При всем моем уважении, я думаю, удобно говорить, что мои фильмы лучше смотрятся в Европе. Но на самом деле американские  рецензии на мой последний фильм были действительно хороши, и то, что фильм не имел финансового успеха, не является виной кинокритики. Но французы (особенно французы) всегда поддерживали меня — по причинам, которые я не могу объяснить. За это я их люблю и очень им благодарен.

 

Тема «человек против общества» является неотъемлемой частью многих ваших рассказов. Это осознанная отправная точка для вас?

Наверное, в это трудно поверить, но я не сажусь, чтобы писать… это всегда приходит после. Это не осознанный момент в начале творческого процесса.  Я начинаю с настроения или идеи, которая приходит из личного эмоционального пространства, а нарративный концепт приходит намного позже.

 

Кажется, вы часто имеете дело с представителями табуированных классов американского общества?

Ну, моя жена считает, что у меня есть навязчивая идея по поводу социального класса. И я думаю, что это действительно так. Это, наверное, происходит от того, что ты чувствуешь себя подобно изгою. Ты растешь глупо выглядящим ребенком — идиотом в рабочем квартале, который находится близко к очень богатому центру вселенной, так что в итоге ты чувствуешь себя словно посторонний, и это становится одержимостью…

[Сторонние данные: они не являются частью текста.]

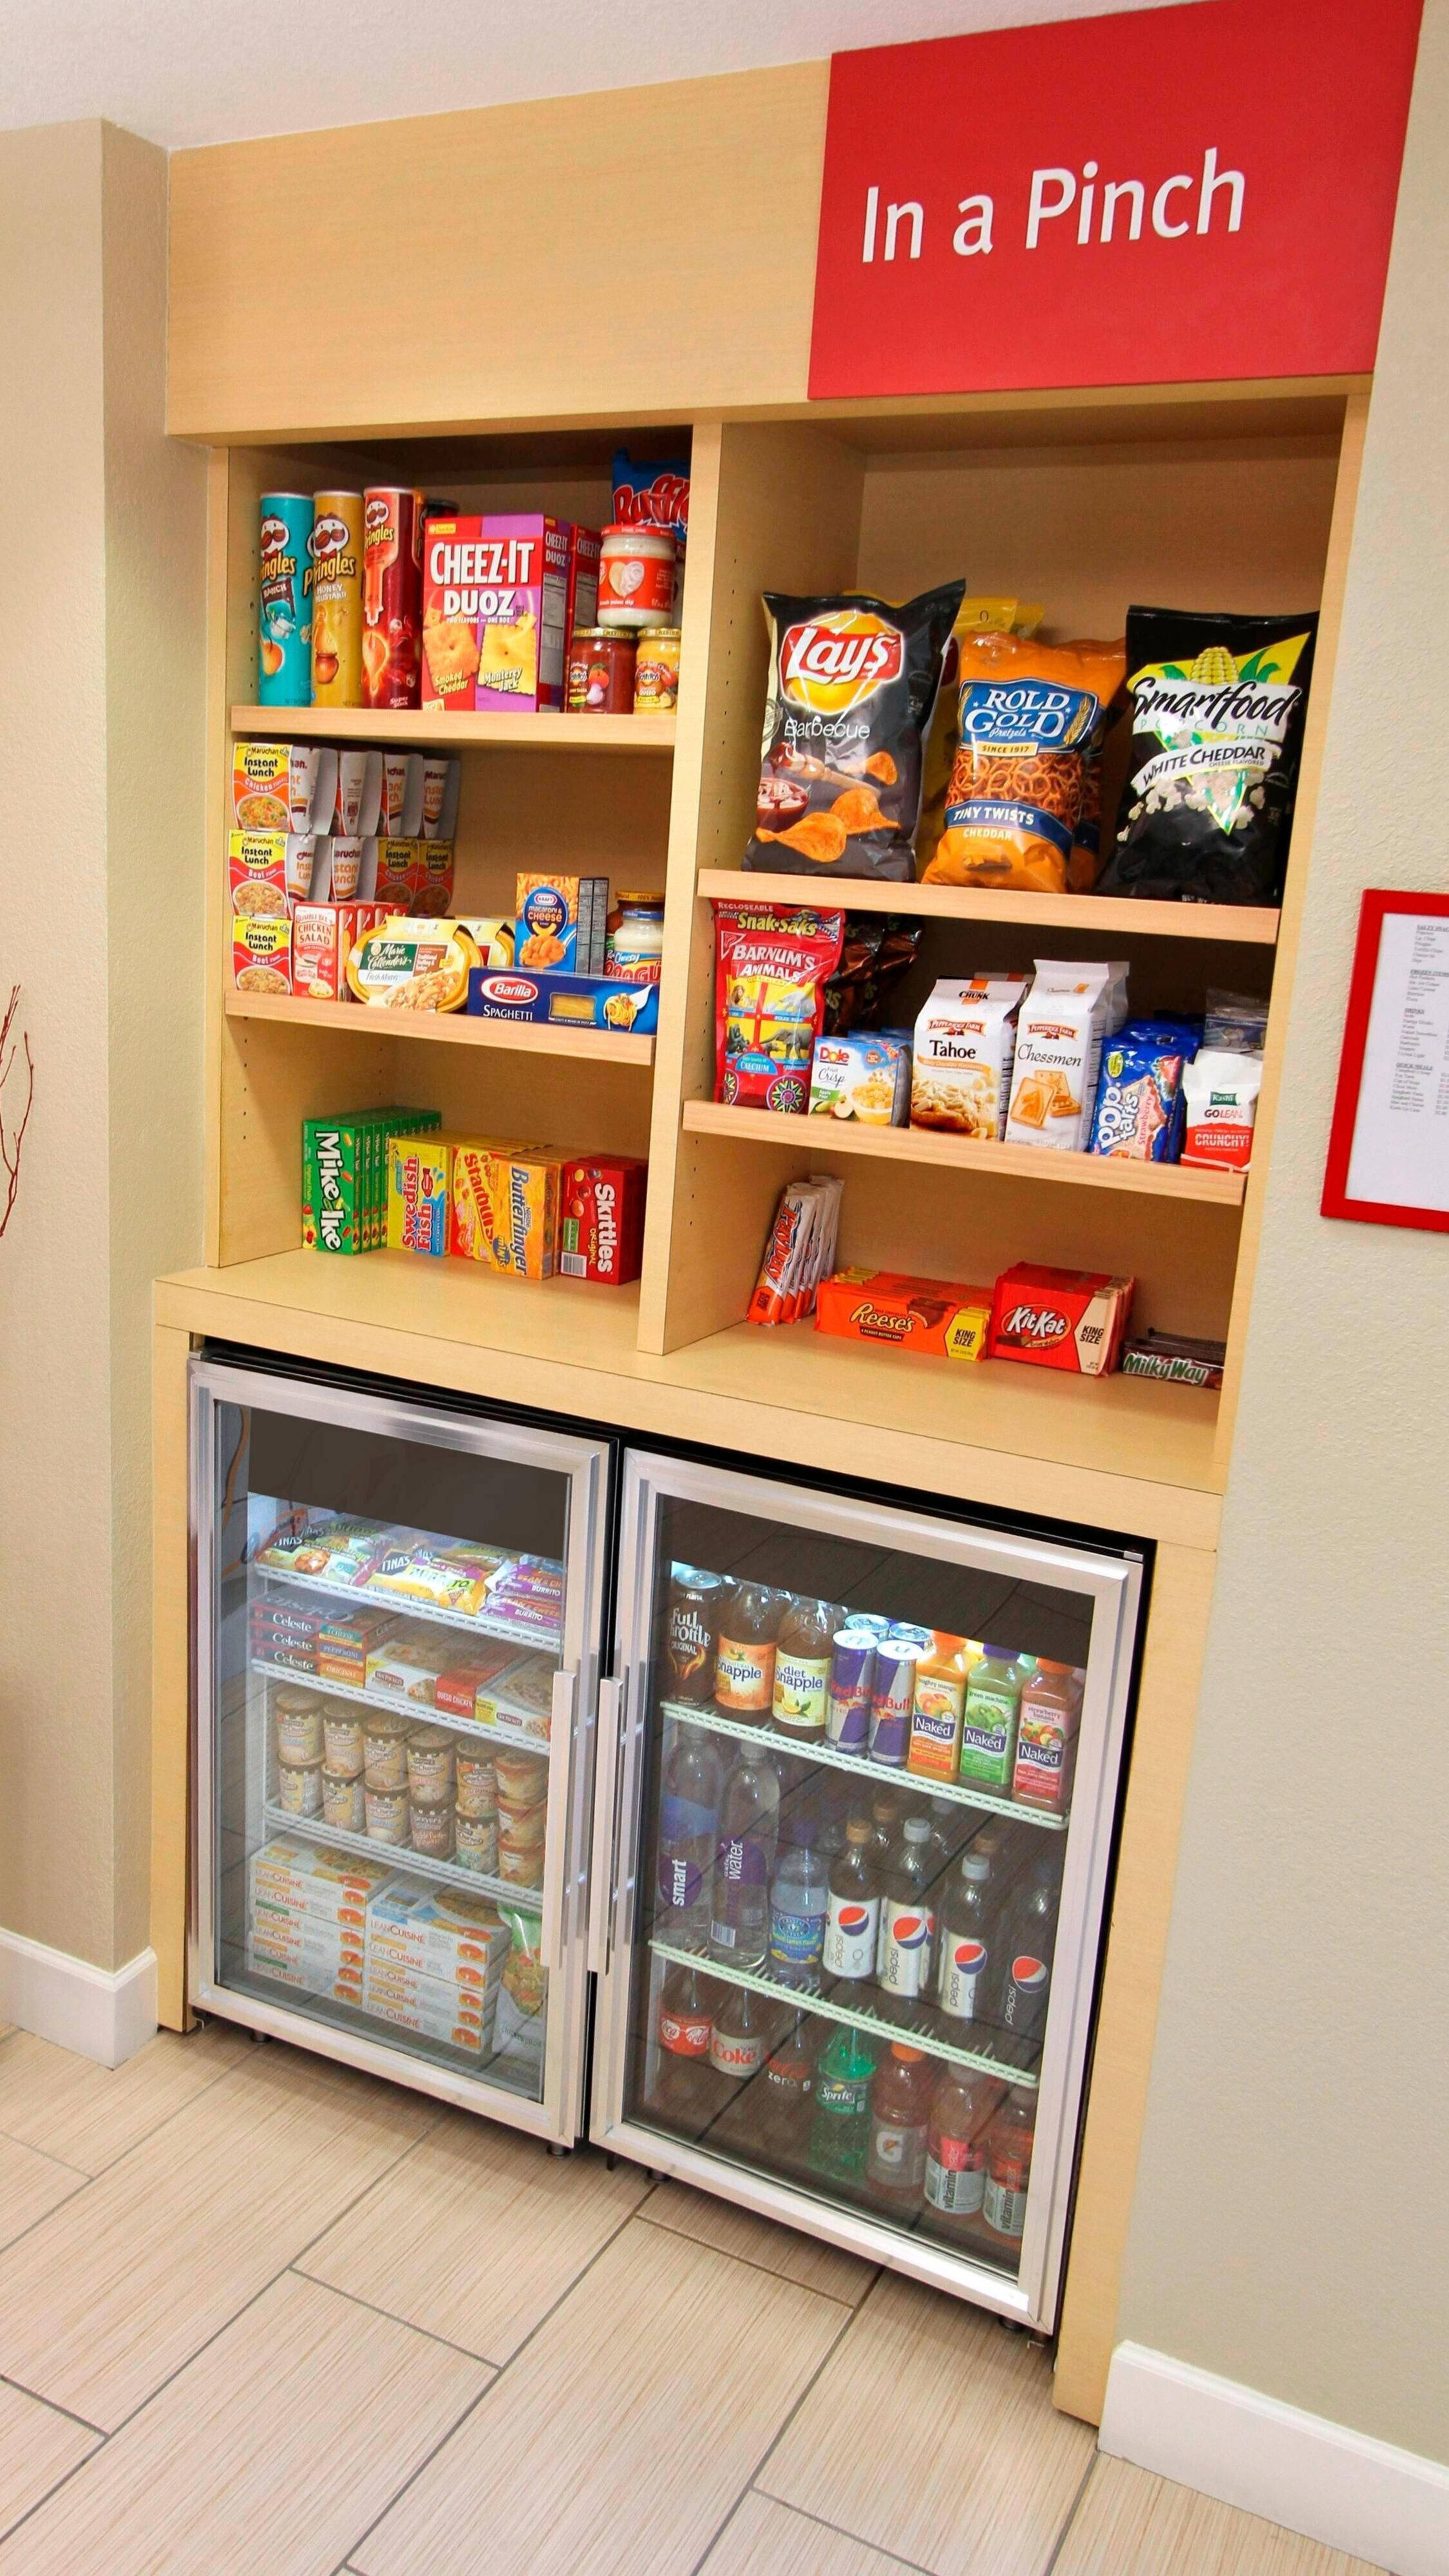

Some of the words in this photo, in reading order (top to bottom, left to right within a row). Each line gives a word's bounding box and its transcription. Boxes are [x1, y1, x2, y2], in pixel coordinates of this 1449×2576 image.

[862, 186, 925, 263] In
[951, 194, 994, 258] a
[1025, 146, 1246, 249] Pinch
[545, 531, 569, 552] CHEEZ-IT
[430, 540, 535, 585] CHEEZ-IT
[545, 551, 566, 567] DUOZ
[263, 582, 287, 599] RANCH
[315, 591, 346, 603] MUSTARD
[316, 583, 344, 594] HONEY
[443, 589, 516, 617] DUOZ
[785, 625, 896, 685] Lay's
[434, 670, 463, 687] Smoked
[483, 667, 523, 685] Monterey
[438, 679, 469, 696] Cheddar
[498, 678, 519, 692] Jack
[982, 688, 1070, 711] ROLD
[1132, 676, 1302, 729] Smartfood
[784, 715, 871, 741] Barbecue
[965, 708, 1066, 739] GOLD
[989, 726, 1027, 740] Pretzels
[248, 746, 279, 757] Maruchan
[981, 744, 1006, 754] SINCE
[1009, 746, 1030, 754] 1917
[244, 757, 279, 768] Instant
[1142, 757, 1188, 786] WHITE
[1189, 744, 1265, 768] CHEDDAR
[247, 766, 275, 778] Lunch
[244, 777, 273, 792] Chicken
[952, 807, 982, 823] TINY
[983, 806, 1035, 826] TWISTS
[242, 836, 272, 846] Maruchan
[962, 828, 1012, 841] CHEDDAR
[240, 846, 270, 856] Instant
[243, 853, 267, 863] Lunch
[386, 849, 412, 860] Instant
[426, 851, 449, 862] Instant
[247, 866, 263, 877] Beef
[388, 858, 408, 868] Lunch
[428, 860, 446, 871] Lunch
[527, 905, 558, 914] macaroni
[717, 901, 774, 912] RECLOSEABLE
[247, 922, 279, 932] Maruchan
[298, 922, 332, 936] CHICKEN
[245, 931, 278, 943] Instant
[249, 940, 274, 951] Lunch
[299, 934, 331, 945] SALAD
[380, 943, 406, 958] Marie
[614, 952, 640, 963] Cheesy
[732, 944, 816, 971] BARNUM'S
[252, 954, 269, 965] Beef
[367, 955, 412, 971] Callender's
[739, 963, 804, 983] ANIMALS
[494, 982, 532, 998] Barilla
[958, 990, 990, 1000] CHUNK
[483, 1003, 533, 1021] SPAGHETTI
[931, 1019, 965, 1029] PEPPERIDGE
[965, 1022, 981, 1031] FARM
[1030, 1025, 1059, 1033] PEPPERIDGE
[1058, 1028, 1074, 1037] FARM
[819, 1046, 850, 1063] Dole
[929, 1039, 978, 1060] Tahoe
[1018, 1043, 1083, 1067] Chessmen
[740, 1061, 770, 1072] CALCIUM
[818, 1067, 846, 1089] Crisp
[1138, 1095, 1155, 1146] Strawberry
[1195, 1133, 1250, 1148] CRUNCHY!
[315, 1131, 345, 1201] Mike
[402, 1156, 419, 1249] Swedish
[464, 1152, 494, 1245] Starburs
[417, 1202, 433, 1252] Fish
[509, 1165, 529, 1276] Butterfinger
[594, 1182, 618, 1273] Skittles
[319, 1209, 346, 1251] Ike
[849, 1302, 916, 1333] Reese's
[955, 1328, 976, 1340] KING
[1079, 1333, 1103, 1345] SIZE
[1082, 1325, 1104, 1337] KING
[952, 1336, 973, 1348] SIZE
[531, 1585, 562, 1597] BURRITO
[272, 1612, 312, 1633] Celeste
[514, 1608, 544, 1622] BURRITO
[272, 1632, 313, 1651] Celeste
[323, 1645, 359, 1659] PEPPERONI
[274, 1651, 314, 1672] Celeste
[775, 1665, 824, 1692] Snapple
[784, 1665, 806, 1678] diet
[452, 1695, 473, 1708] CHICKEN
[885, 1696, 911, 1710] Bull
[1027, 1705, 1061, 1720] strawberry
[1032, 1712, 1055, 1722] banana
[915, 1716, 951, 1737] Naked
[965, 1729, 1002, 1750] Naked
[1021, 1744, 1059, 1765] Naked
[727, 1840, 744, 1880] water
[672, 1859, 688, 1907] smart
[834, 1933, 845, 1969] pepsi
[889, 1946, 899, 1985] pepsi
[949, 1972, 960, 2009] pepsi
[1004, 1984, 1017, 2027] pepsi
[712, 2040, 758, 2065] Coke
[768, 2070, 797, 2087] zero
[821, 2085, 855, 2102] Sprite
[944, 2170, 957, 2209] vitamin
[1001, 2189, 1014, 2230] vitamin

Я думаю, что истинное экономическое несчастье низшего класса происходит от того, что у кого-то через улицу есть новый Кадиллак, а вы не можете его себе позволить.  Если все живут одинаково, в этом есть почти что-то наркотическое, но истинное страдание — это знать, что вы не можете иметь чего-то, что есть у других.

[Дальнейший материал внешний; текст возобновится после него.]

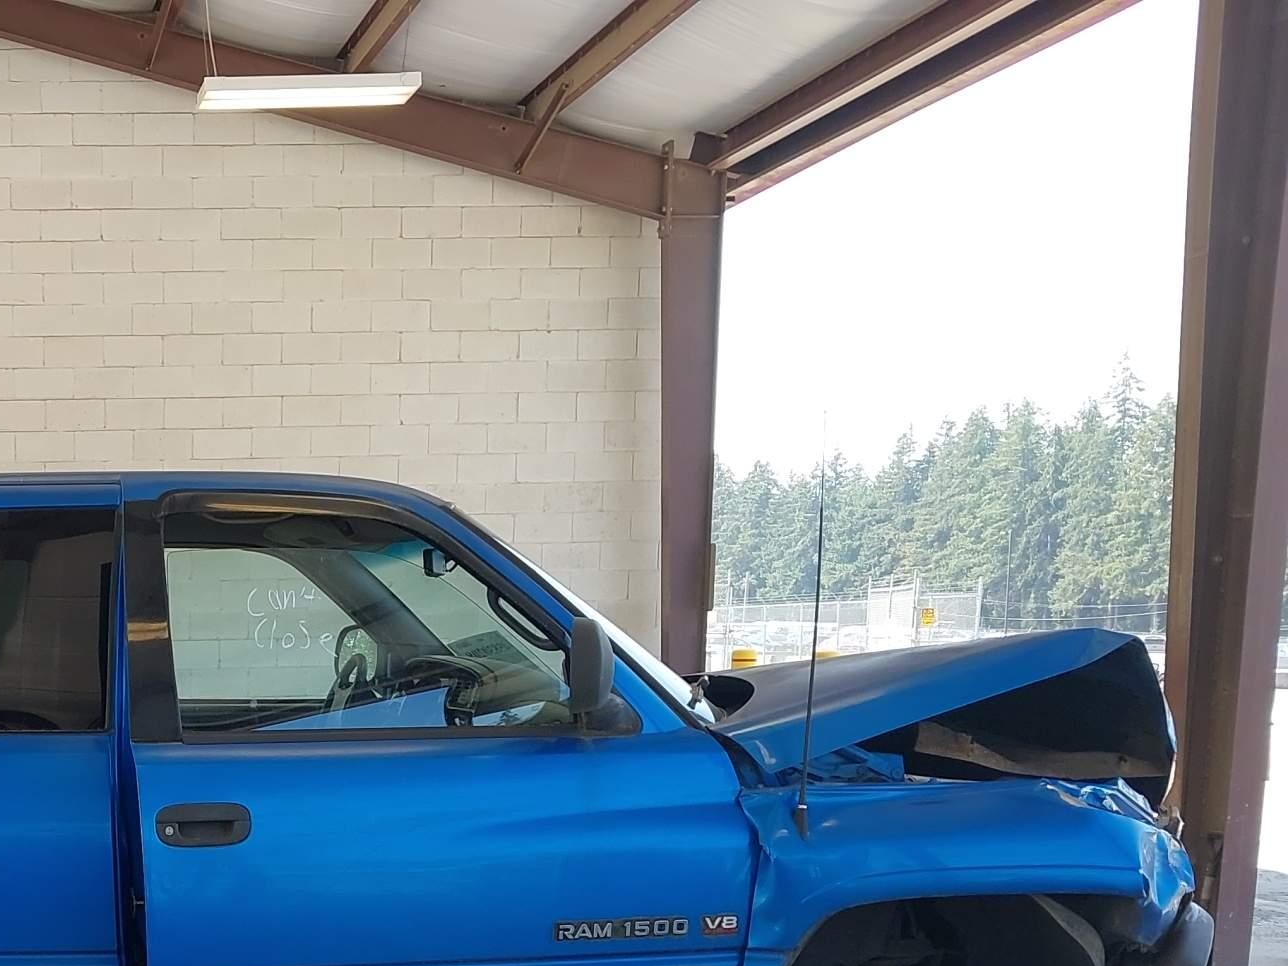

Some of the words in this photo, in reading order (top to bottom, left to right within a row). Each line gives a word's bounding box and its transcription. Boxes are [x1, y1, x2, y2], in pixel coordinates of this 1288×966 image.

[558, 922, 612, 940] RAM
[624, 918, 689, 937] 1500
[704, 915, 738, 930] V8

Возможно, это ерунда. [Но] это – мой личный опыт, потому что мой район был очень рабочим с таунхаусами и без парков, а на расстоянии в две мили был район, который назывался Jamaica Estates, с большими домами на больших земельных участках. Я помню, что моя мать мечтала о таком приличном доме, и, бывало, мы садились в машину – сейчас, я думаю, что это было очень печально – и она говорила: «Давайте посмотрим на дома», везя нас мимо этих больших зданий. Почему это нам тогда так нравилось, я понятия не имею.

 

Кадр из фильма «На дне»

 

Вы чувствуете, что класс — это что-то, недостаточно показанное в американском кино?

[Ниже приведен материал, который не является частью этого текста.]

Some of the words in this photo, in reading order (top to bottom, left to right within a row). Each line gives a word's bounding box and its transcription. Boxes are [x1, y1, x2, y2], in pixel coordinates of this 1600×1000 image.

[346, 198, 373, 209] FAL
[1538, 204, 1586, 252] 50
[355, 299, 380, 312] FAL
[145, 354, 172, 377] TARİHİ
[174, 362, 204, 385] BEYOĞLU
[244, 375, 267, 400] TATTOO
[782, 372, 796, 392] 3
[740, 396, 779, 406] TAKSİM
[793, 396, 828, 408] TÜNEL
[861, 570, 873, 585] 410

Класс не обсуждается в американской жизни – просто есть понятие деления на социальные или экономические классы, но не подразумевается, что они действительно существуют. Но так не всегда было в кино – например, у Джона Форда это есть во всех его фильмах. Идея «Головокружения» – в чем-то гениальна из-за социального мотива  – например, момент, когда Джеймс Стюарт пытается сделать из Ким Новак ее более странную версию, чтобы разжечь свою навязчивую идею. Таким образом, класс становится частью этой истории. Какой социальный мотив вы можете найти сегодня в чертовом «Человеке-пауке»? Что, черт возьми, он означает?

 

Я чувствую, что вы неудовлетворены состоянием сегодняшнего американского мэйнстрима…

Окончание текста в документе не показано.